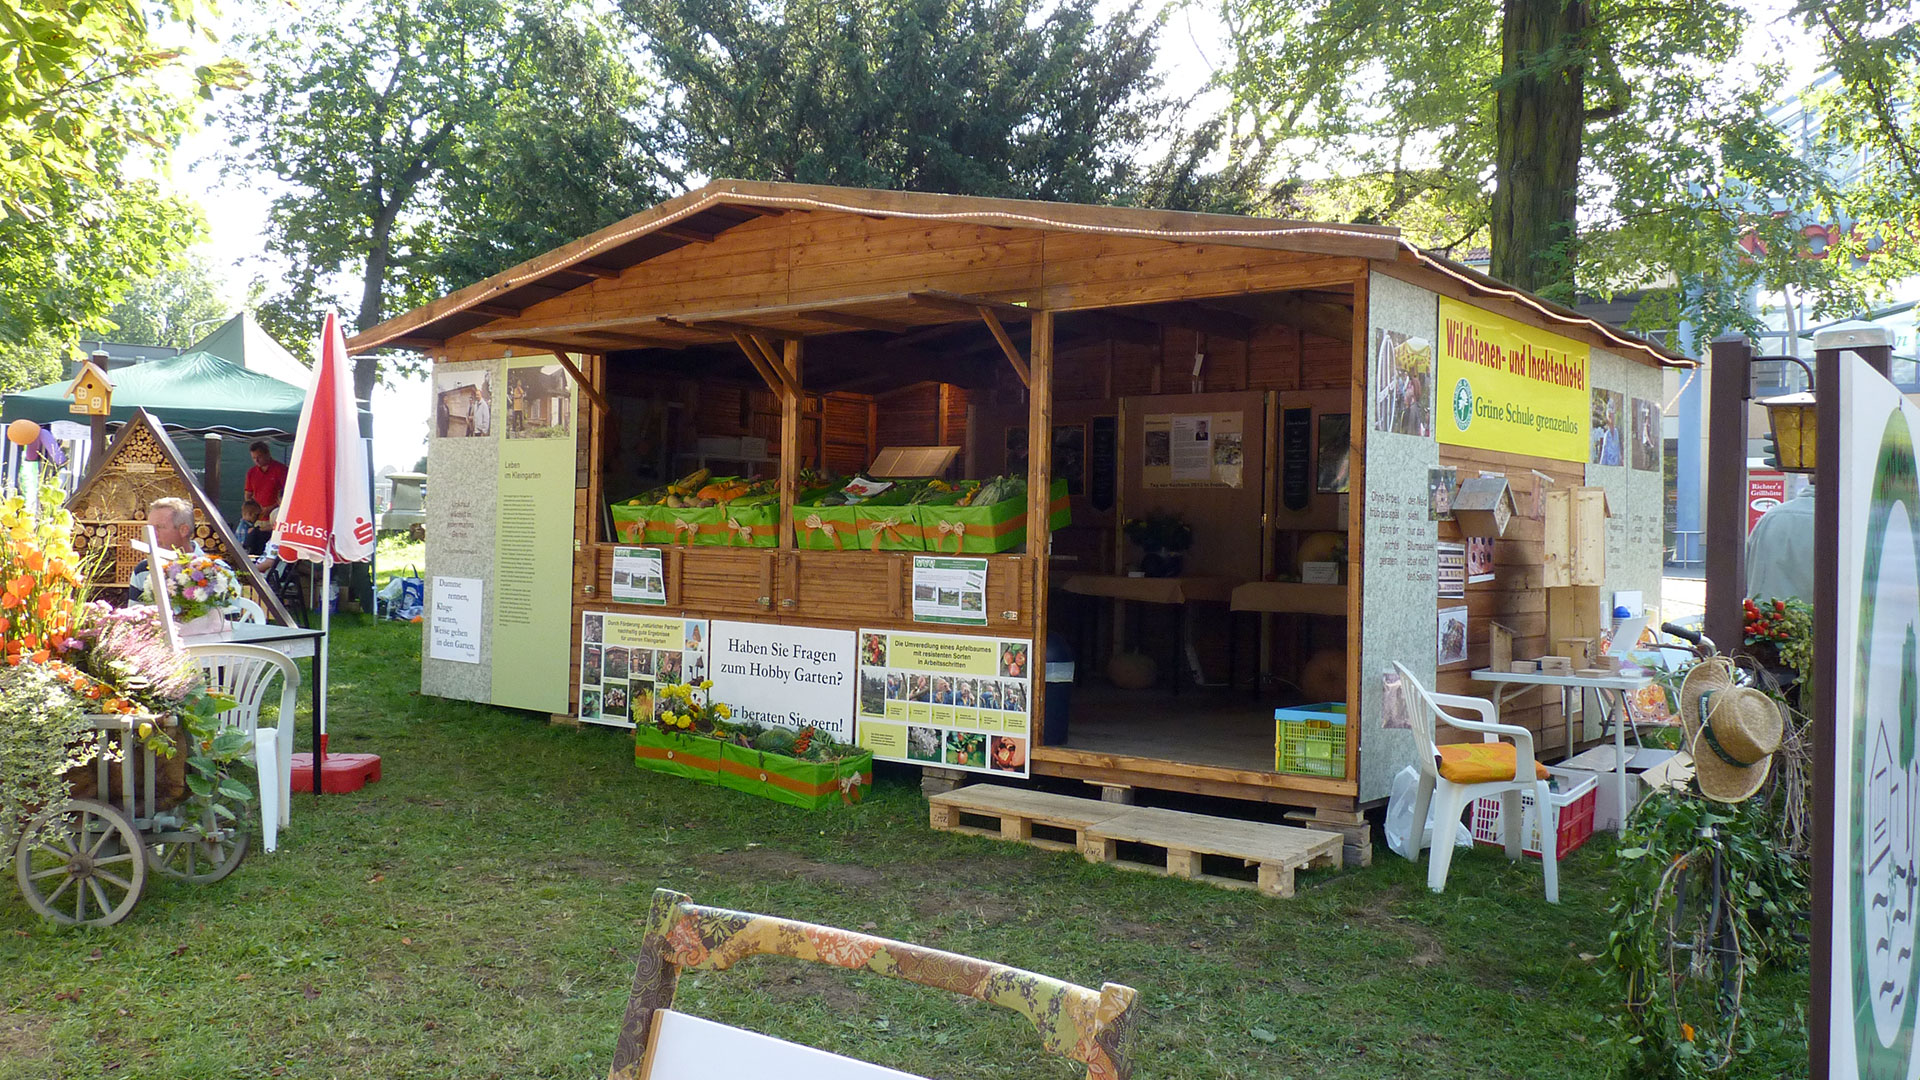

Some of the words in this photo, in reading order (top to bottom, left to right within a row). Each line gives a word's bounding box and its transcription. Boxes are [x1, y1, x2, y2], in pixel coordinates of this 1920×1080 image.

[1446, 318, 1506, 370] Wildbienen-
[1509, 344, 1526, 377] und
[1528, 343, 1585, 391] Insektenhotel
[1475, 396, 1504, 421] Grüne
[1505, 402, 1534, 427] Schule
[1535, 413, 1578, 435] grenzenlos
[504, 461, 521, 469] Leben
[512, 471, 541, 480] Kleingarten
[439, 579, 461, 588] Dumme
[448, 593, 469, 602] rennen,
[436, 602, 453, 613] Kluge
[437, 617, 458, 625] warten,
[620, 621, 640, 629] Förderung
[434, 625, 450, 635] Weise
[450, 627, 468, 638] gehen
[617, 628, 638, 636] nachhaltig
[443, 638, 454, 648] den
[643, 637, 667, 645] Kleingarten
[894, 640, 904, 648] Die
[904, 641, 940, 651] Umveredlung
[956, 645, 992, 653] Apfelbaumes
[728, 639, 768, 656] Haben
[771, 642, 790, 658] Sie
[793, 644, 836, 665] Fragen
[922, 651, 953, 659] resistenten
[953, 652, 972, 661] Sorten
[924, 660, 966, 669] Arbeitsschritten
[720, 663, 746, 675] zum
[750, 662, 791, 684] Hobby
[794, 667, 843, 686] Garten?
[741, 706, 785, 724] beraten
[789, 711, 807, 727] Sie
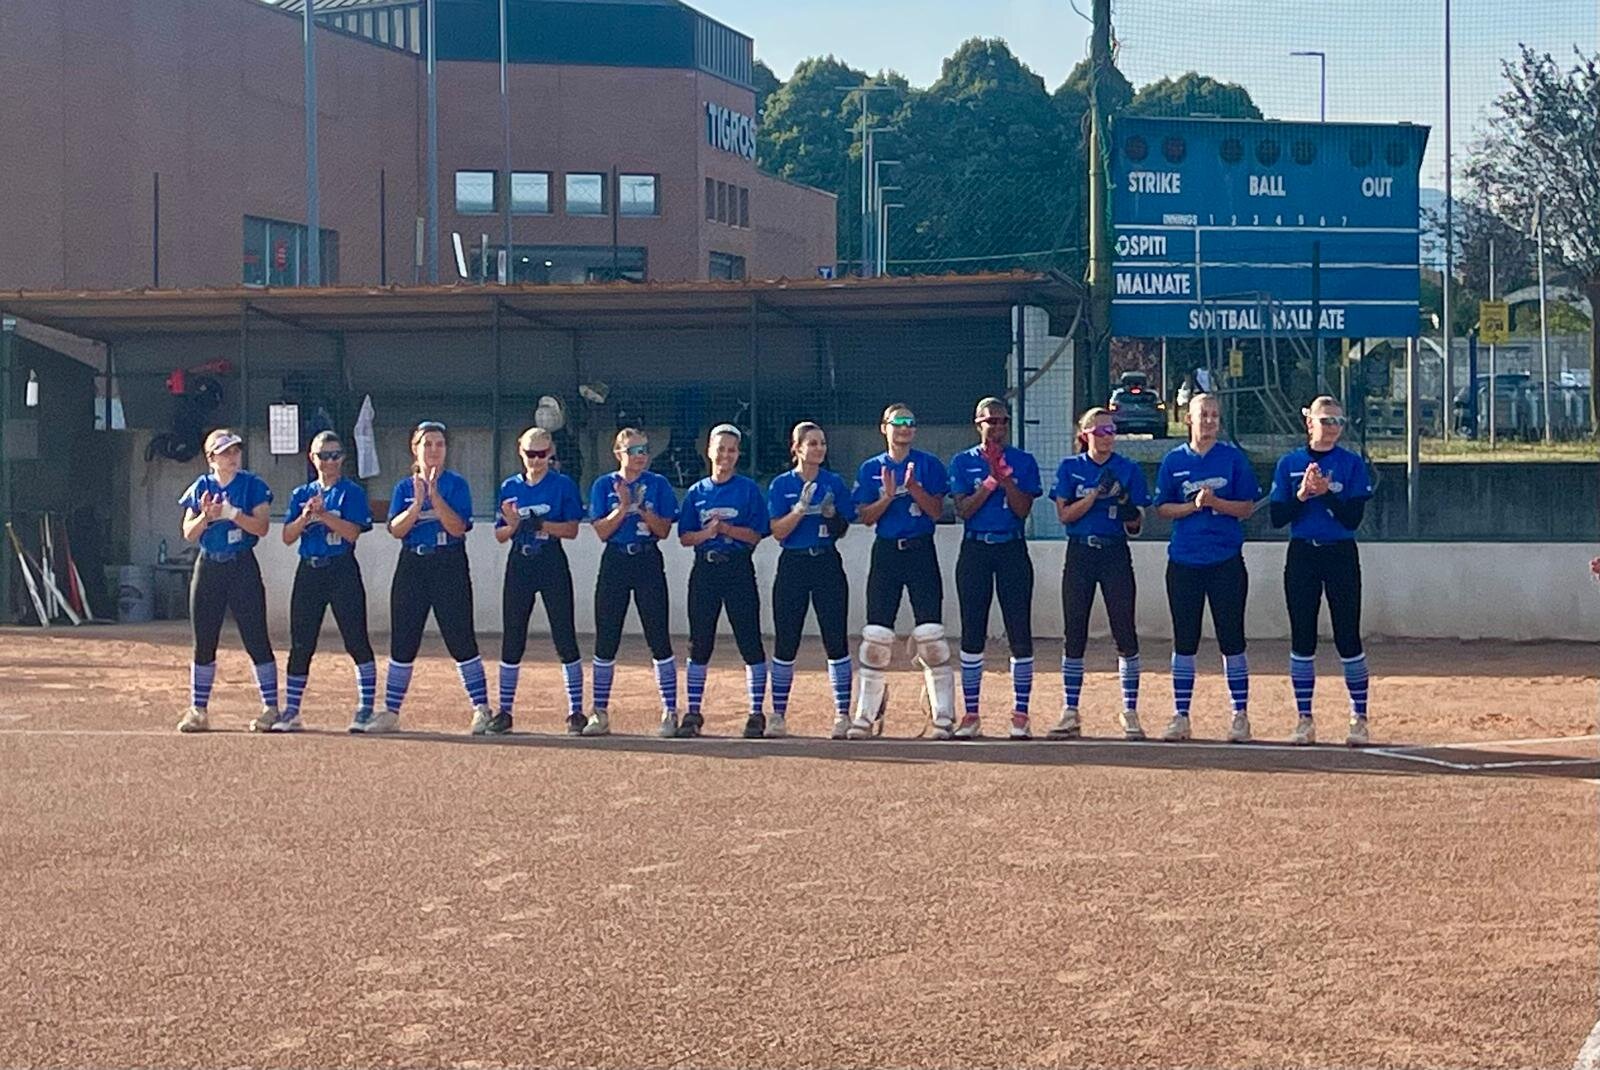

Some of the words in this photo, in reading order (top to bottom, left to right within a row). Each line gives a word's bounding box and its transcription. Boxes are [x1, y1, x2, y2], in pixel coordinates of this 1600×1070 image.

==================================================

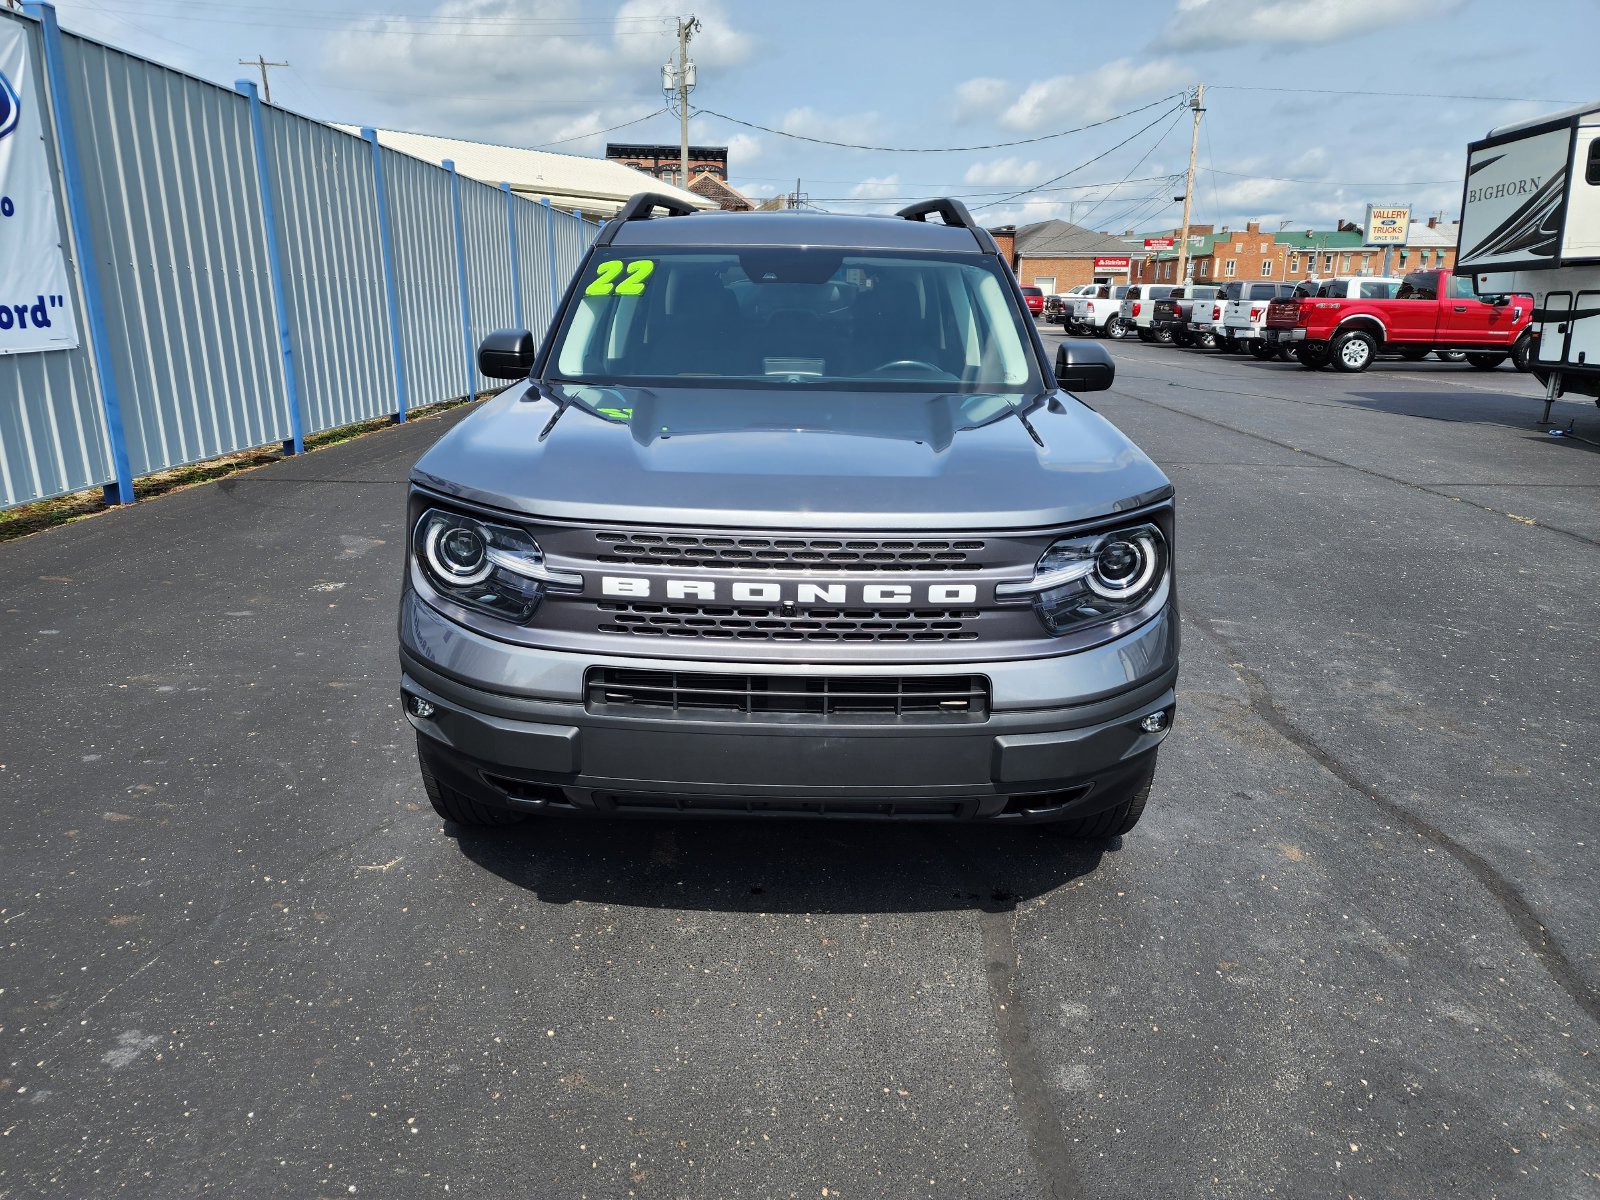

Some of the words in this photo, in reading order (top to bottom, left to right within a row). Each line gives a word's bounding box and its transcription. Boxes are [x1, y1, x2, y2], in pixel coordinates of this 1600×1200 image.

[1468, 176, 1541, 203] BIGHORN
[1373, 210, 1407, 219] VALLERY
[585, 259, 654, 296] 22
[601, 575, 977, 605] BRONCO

==================================================

▶ _WORK TO COMPLETE_
Out of the records above, return only the lines from the one with "this 1920×1080 image." through the one with "this 1600×1070 image.", exactly, and none of the pictures.

▶ _TASK RESPONSE_
Some of the words in this photo, in reading order (top to bottom, left to right within a row). Each line gives a word's bounding box and its transcription. Boxes are [x1, y1, x2, y2], in pixel coordinates of this 1920×1080 image.

[1446, 318, 1506, 370] Wildbienen-
[1509, 344, 1526, 377] und
[1528, 343, 1585, 391] Insektenhotel
[1475, 396, 1504, 421] Grüne
[1505, 402, 1534, 427] Schule
[1535, 413, 1578, 435] grenzenlos
[504, 461, 521, 469] Leben
[512, 471, 541, 480] Kleingarten
[439, 579, 461, 588] Dumme
[448, 593, 469, 602] rennen,
[436, 602, 453, 613] Kluge
[437, 617, 458, 625] warten,
[620, 621, 640, 629] Förderung
[434, 625, 450, 635] Weise
[450, 627, 468, 638] gehen
[617, 628, 638, 636] nachhaltig
[443, 638, 454, 648] den
[643, 637, 667, 645] Kleingarten
[894, 640, 904, 648] Die
[904, 641, 940, 651] Umveredlung
[956, 645, 992, 653] Apfelbaumes
[728, 639, 768, 656] Haben
[771, 642, 790, 658] Sie
[793, 644, 836, 665] Fragen
[922, 651, 953, 659] resistenten
[953, 652, 972, 661] Sorten
[924, 660, 966, 669] Arbeitsschritten
[720, 663, 746, 675] zum
[750, 662, 791, 684] Hobby
[794, 667, 843, 686] Garten?
[741, 706, 785, 724] beraten
[789, 711, 807, 727] Sie

Some of the words in this photo, in reading order (top to bottom, left to right within a row). Each line gives a word's bounding box and its transcription. Boxes are [x1, y1, x2, y2], in pixel coordinates of this 1600×1070 image.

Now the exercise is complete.